Das bestehende Gebäude wurde jahrelang als Kuhstall genutzt. Nachdem diese Nutzung aufgegeben wurde, stand der
Ziegelbau lange Jahre leer. Die eine Hälfte wurde nun von Thomas Kröger, Architekt, für eine junge Familie so umgestaltet, dass die Sprache des Hauses adaptiert
wurde, um es mit seinen eigenen Mitteln
und Regeln neu zu erfinden. Dieser ehemalige Kuhstall mitsamt der Scheune ist
ein äußerst stabiles Gebäude mit dicken
Steinmauern, kleinen Fenstern im Obergeschoss und großen Holztoren unten.
Die eigene Schönheit des rohen Tragwerks und die Großräumigkeit des Raumes wurden jedoch erst durch die Entkernung wieder erlebbar.

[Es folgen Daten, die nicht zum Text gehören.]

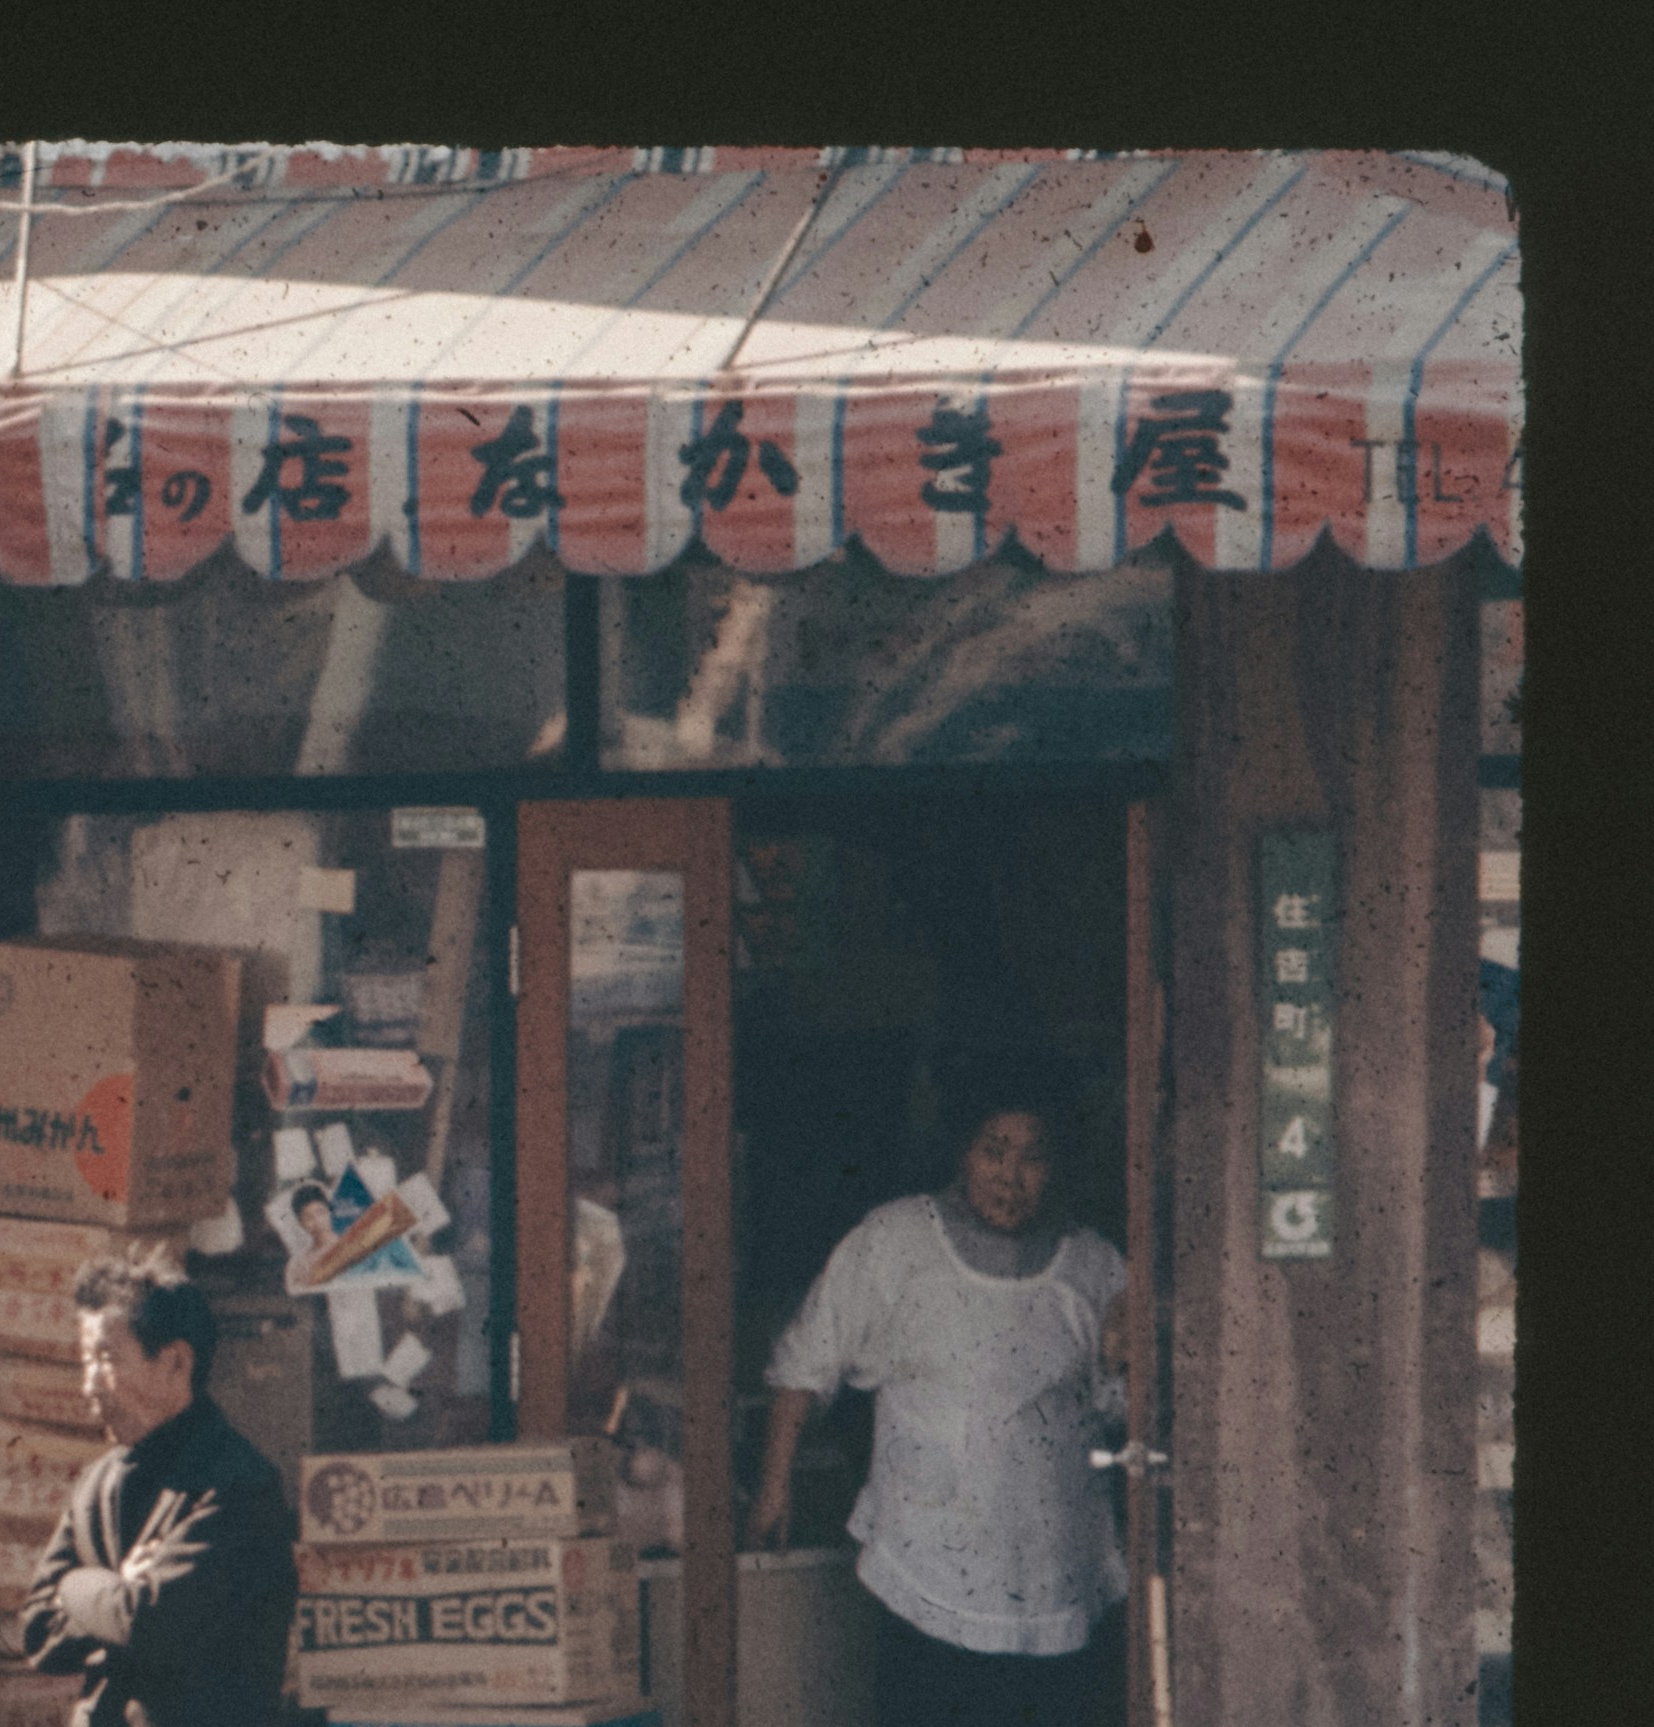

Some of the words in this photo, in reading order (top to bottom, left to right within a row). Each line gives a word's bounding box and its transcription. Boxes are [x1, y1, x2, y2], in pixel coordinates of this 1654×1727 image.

[1350, 438, 1464, 504] TEL
[1279, 1115, 1308, 1159] 4
[293, 1600, 419, 1648] FRESH
[431, 1592, 557, 1642] EGGS

Das Pfettendach
wurde hierzu komplett freigelegt und in
den schadhaften Bereichen ergänzt. Der
längliche Baukörper weist zwei Stockwerke auf. Das bestehende Mauerwerk ist
im unteren Bereich stärker dimensioniert
als im oberen Bereich. Ein kleiner Kriechkeller befindet sich in einem Teilbereich
unter dem Gebäude.
Eingebettet in eine ländliche Umgebung offenbart sich dem Besucher auf
den ersten Blick eine einfache Scheune
mit Satteldach und einer Fassade aus rotem Backstein, wie sie typisch ist für die
bäuerlichen Nutzbauten in der Uckermark. Erst bei Betreten des Gebäudes offenbart das Gebäude sein Geheimnis. Im
Inneren entpuppt sich das Raumkonzept
als eine moderne Weiterentwicklung der
vorgefundenen Architektursprache und
vorhandener Bauelemente.
Das Zentrum des Hauses bildet eine
doppelhohe Wohnhalle mit Feuerstelle.
Diese Wohnhalle geht über beide Etagen.
Die Wohnhalle gilt als Treffpunkt und
gemeinschaftlicher Wohnraum. Drei große neue Bogenöffnungen, die sich durch
massive Holztore verschließen lassen, geben von dort den Blick ins grüne Land
mit den vielen Obstbäumen frei. Das
Haus ist so konzipiert, dass die große
Halle unbeheizt ist und von einem geschlossenen beheizten Raumkörper umfasst wird. So können zu kalten Jahreszeiten nur die kleineren und geselligeren
Bereiche des Hauses ähnlich wie Vogelnester genutzt werden.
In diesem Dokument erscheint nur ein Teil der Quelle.